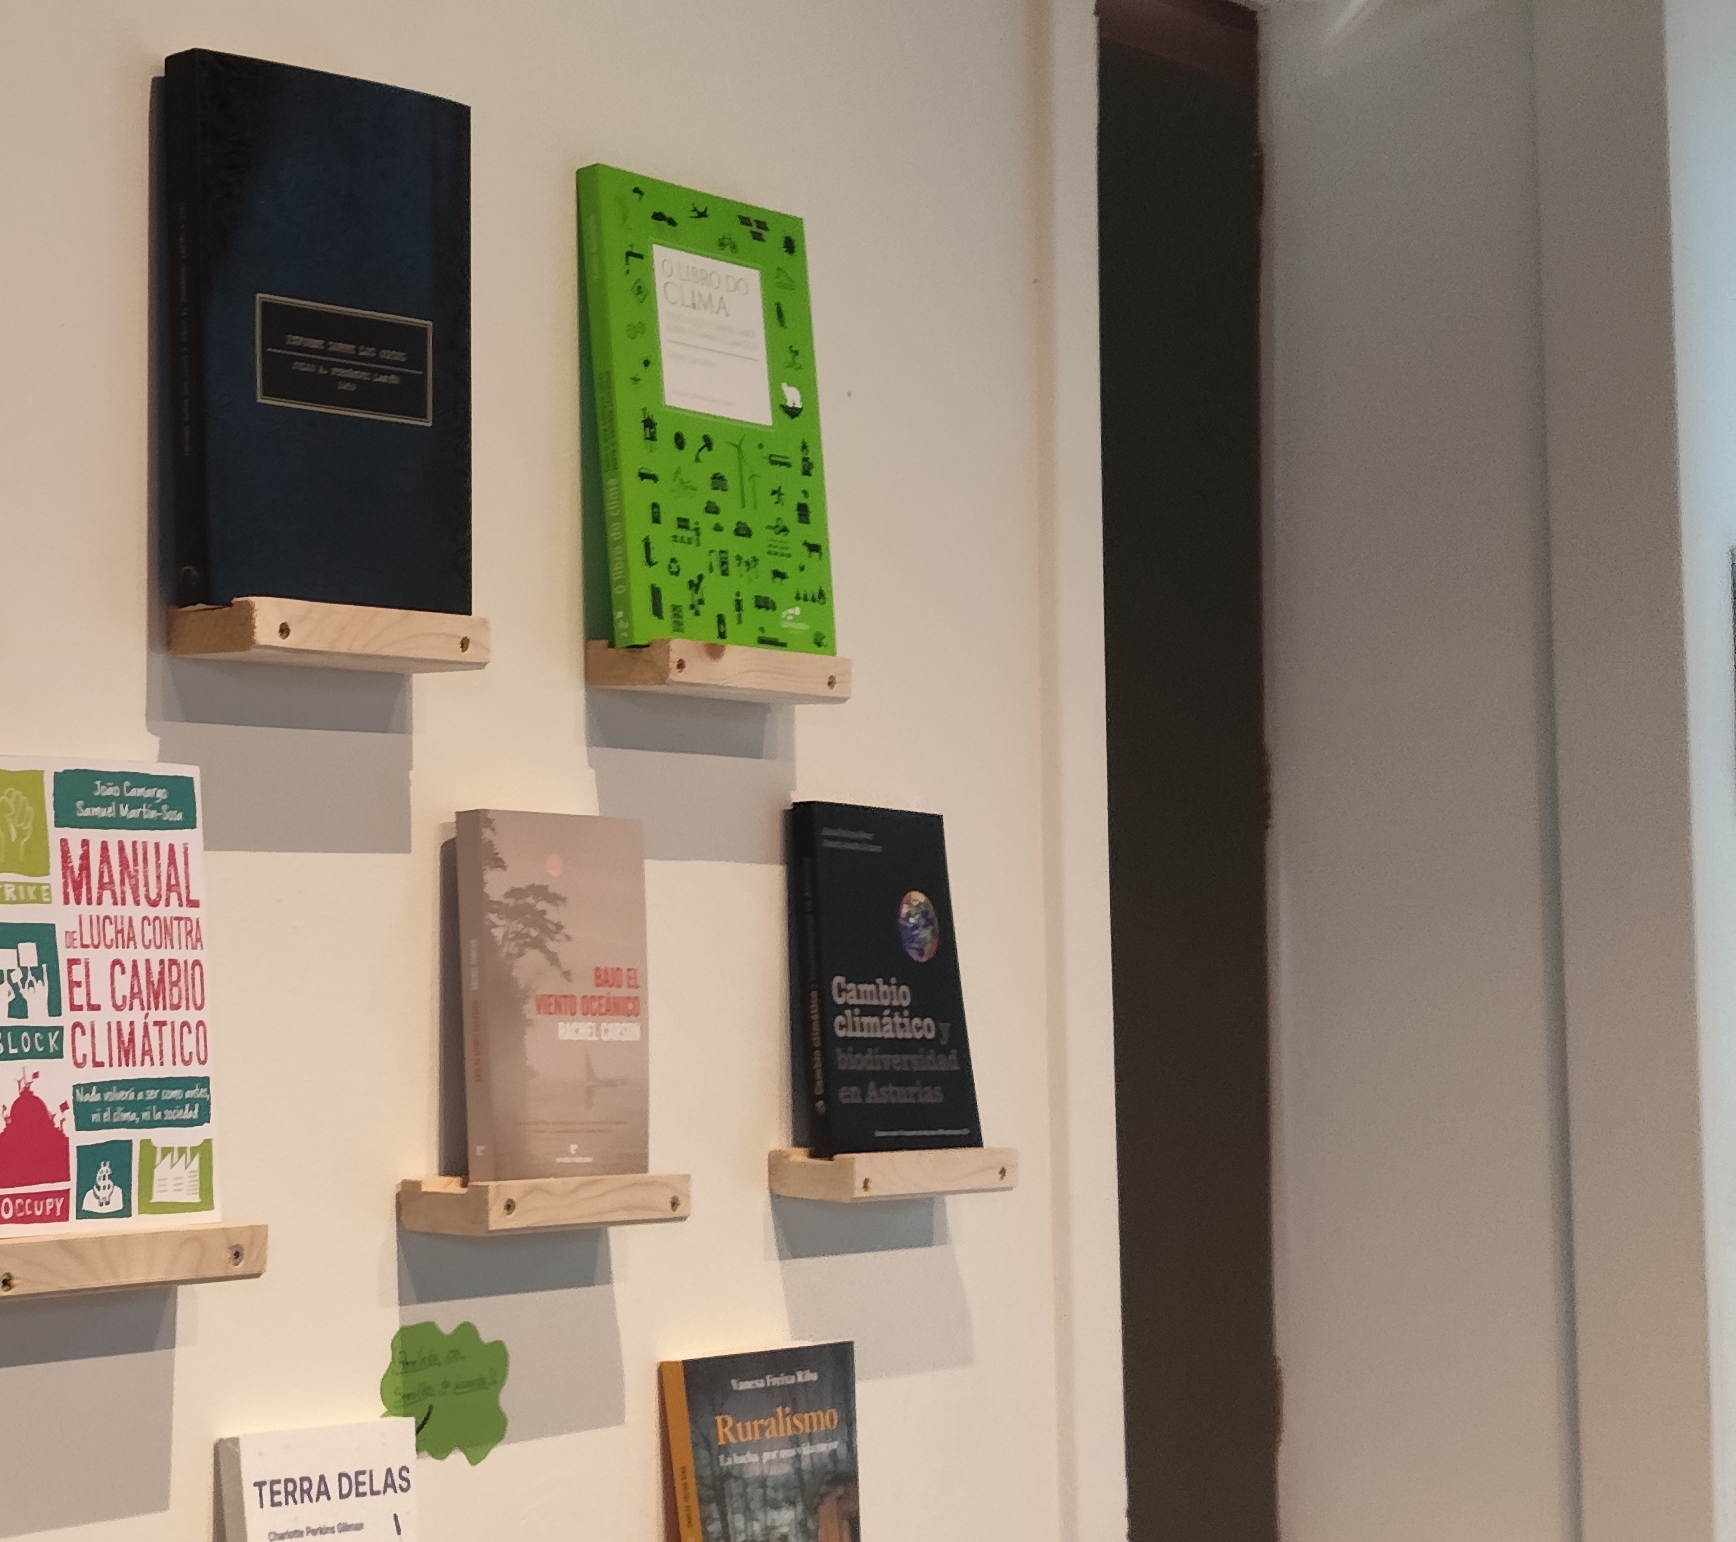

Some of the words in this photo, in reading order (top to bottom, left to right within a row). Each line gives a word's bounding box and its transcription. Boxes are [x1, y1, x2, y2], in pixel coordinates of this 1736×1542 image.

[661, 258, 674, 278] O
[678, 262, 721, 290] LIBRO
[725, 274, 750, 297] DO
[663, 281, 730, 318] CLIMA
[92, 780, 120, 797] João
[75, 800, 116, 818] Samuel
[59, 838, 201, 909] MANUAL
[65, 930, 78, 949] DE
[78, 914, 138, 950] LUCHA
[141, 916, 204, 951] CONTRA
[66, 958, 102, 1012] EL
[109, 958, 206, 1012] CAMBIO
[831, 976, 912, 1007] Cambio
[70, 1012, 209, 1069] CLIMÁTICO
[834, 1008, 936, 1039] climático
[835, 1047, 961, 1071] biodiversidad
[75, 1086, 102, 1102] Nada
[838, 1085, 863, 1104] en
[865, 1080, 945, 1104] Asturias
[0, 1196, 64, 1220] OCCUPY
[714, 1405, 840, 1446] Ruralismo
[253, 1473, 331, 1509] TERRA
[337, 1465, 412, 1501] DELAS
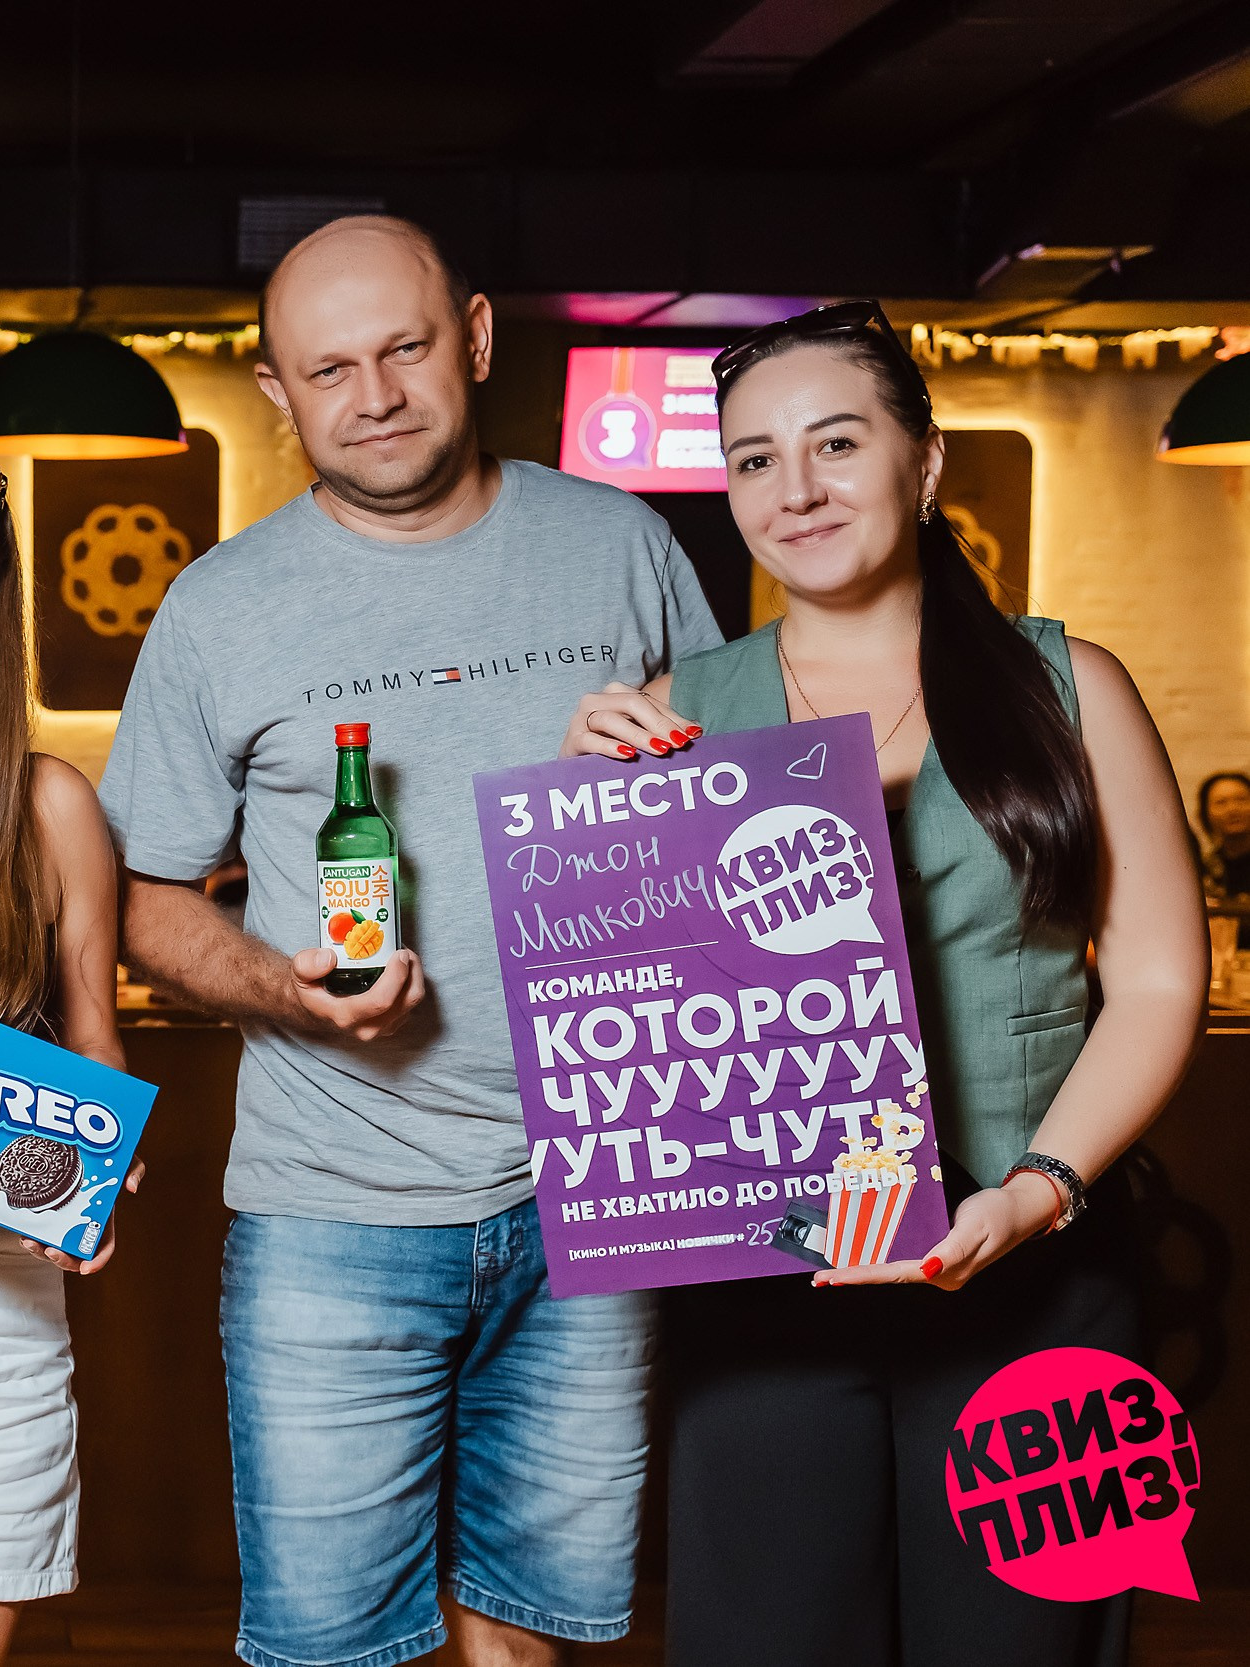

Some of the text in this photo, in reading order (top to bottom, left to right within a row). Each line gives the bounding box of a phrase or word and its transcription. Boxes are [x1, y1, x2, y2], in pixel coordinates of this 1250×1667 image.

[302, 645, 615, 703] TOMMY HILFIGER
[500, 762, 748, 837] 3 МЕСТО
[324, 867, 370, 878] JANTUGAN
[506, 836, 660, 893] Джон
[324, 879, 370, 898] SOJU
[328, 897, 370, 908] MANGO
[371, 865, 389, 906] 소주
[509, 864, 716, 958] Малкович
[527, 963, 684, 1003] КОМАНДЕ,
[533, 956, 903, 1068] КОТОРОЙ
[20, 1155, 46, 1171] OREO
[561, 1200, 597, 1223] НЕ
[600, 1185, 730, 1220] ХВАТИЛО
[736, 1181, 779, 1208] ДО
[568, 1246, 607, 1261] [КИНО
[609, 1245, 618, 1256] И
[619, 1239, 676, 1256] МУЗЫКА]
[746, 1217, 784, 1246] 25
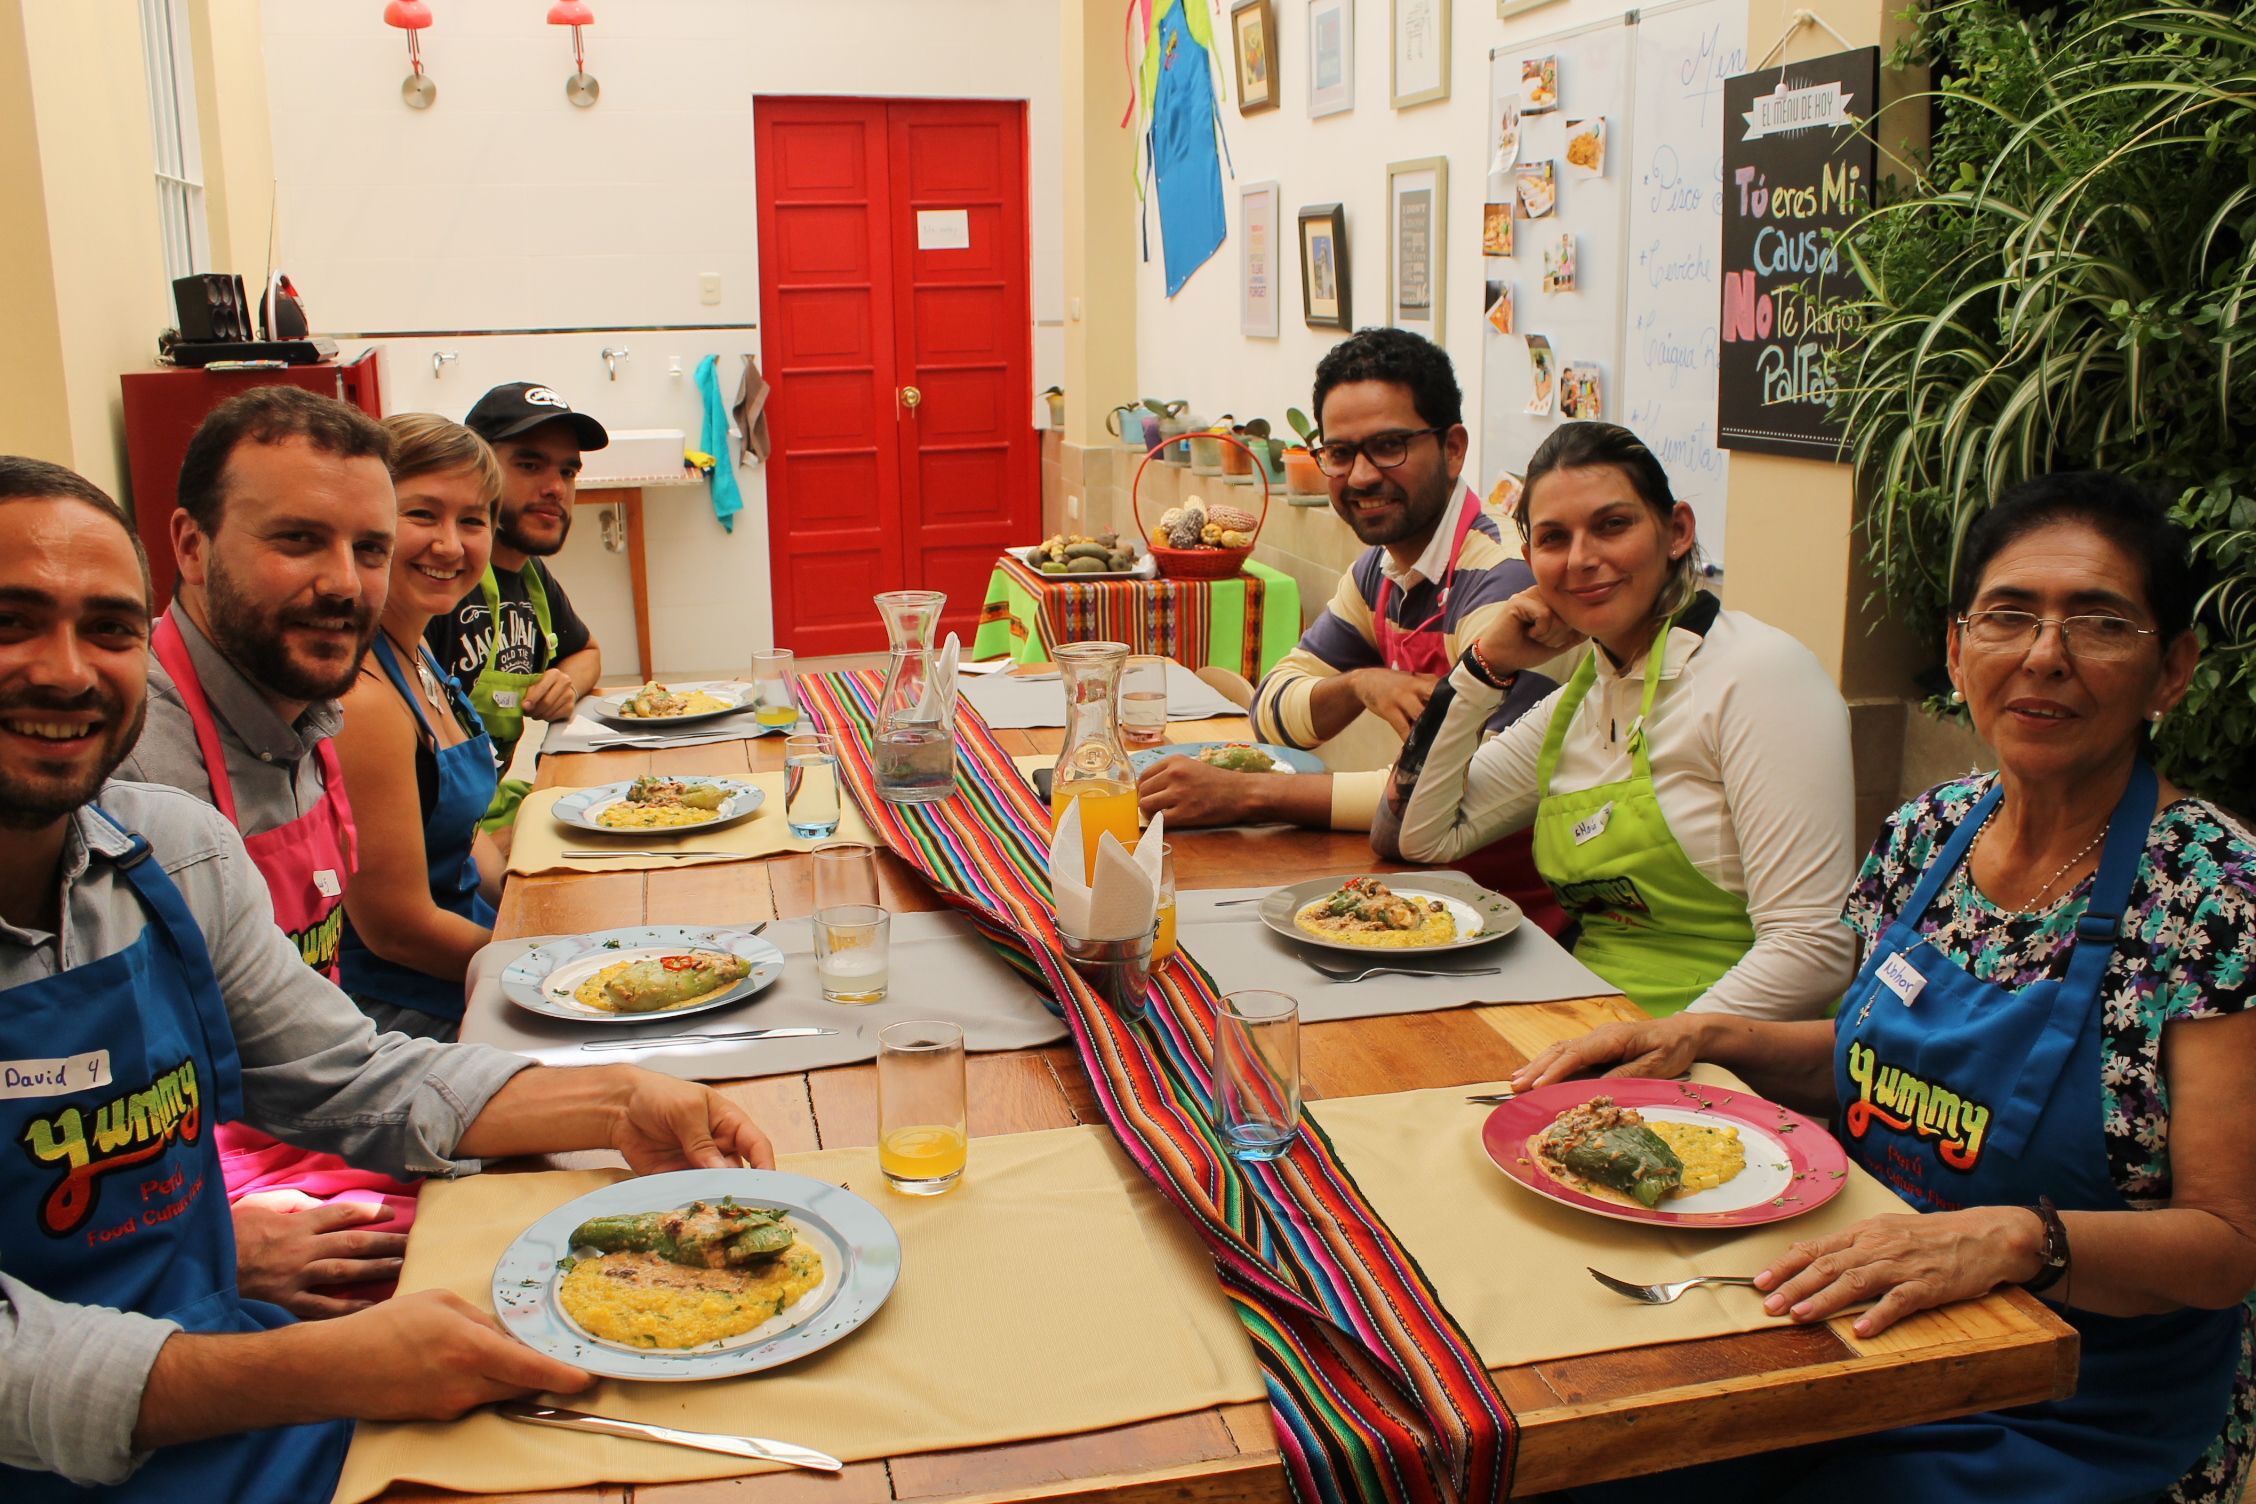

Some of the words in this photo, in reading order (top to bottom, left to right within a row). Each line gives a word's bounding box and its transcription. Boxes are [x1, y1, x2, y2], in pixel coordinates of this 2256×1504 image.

====

§ PROBLEM STATEMENT:
Only the pictures should be left out; the rest of the material above must be repeated exactly.

§ EXERCISE SOLUTION:
Some of the words in this photo, in reading order (top to bottom, left to right within a row). Each line gives a word's bounding box and its transcription. Boxes are [x1, y1, x2, y2], in pixel coordinates of this 1736×1542 image.

[661, 258, 674, 278] O
[678, 262, 721, 290] LIBRO
[725, 274, 750, 297] DO
[663, 281, 730, 318] CLIMA
[92, 780, 120, 797] João
[75, 800, 116, 818] Samuel
[59, 838, 201, 909] MANUAL
[65, 930, 78, 949] DE
[78, 914, 138, 950] LUCHA
[141, 916, 204, 951] CONTRA
[66, 958, 102, 1012] EL
[109, 958, 206, 1012] CAMBIO
[831, 976, 912, 1007] Cambio
[70, 1012, 209, 1069] CLIMÁTICO
[834, 1008, 936, 1039] climático
[835, 1047, 961, 1071] biodiversidad
[75, 1086, 102, 1102] Nada
[838, 1085, 863, 1104] en
[865, 1080, 945, 1104] Asturias
[0, 1196, 64, 1220] OCCUPY
[714, 1405, 840, 1446] Ruralismo
[253, 1473, 331, 1509] TERRA
[337, 1465, 412, 1501] DELAS

Some of the text in this photo, in reading order (top to bottom, left to right within a row). Each line gives the bounding box of a phrase or word and its transcription. Boxes are [x1, y1, x2, y2], in pixel coordinates of this 1250×1667 image.

[302, 645, 615, 703] TOMMY HILFIGER
[500, 762, 748, 837] 3 МЕСТО
[324, 867, 370, 878] JANTUGAN
[506, 836, 660, 893] Джон
[324, 879, 370, 898] SOJU
[328, 897, 370, 908] MANGO
[371, 865, 389, 906] 소주
[509, 864, 716, 958] Малкович
[527, 963, 684, 1003] КОМАНДЕ,
[533, 956, 903, 1068] КОТОРОЙ
[20, 1155, 46, 1171] OREO
[561, 1200, 597, 1223] НЕ
[600, 1185, 730, 1220] ХВАТИЛО
[736, 1181, 779, 1208] ДО
[568, 1246, 607, 1261] [КИНО
[609, 1245, 618, 1256] И
[619, 1239, 676, 1256] МУЗЫКА]
[746, 1217, 784, 1246] 25

Some of the words in this photo, in reading order (top to bottom, left to right within a row). Each line gives a word's bounding box and its transcription. Boxes are [x1, y1, x2, y2], in pixel coordinates of this 2256×1504 image.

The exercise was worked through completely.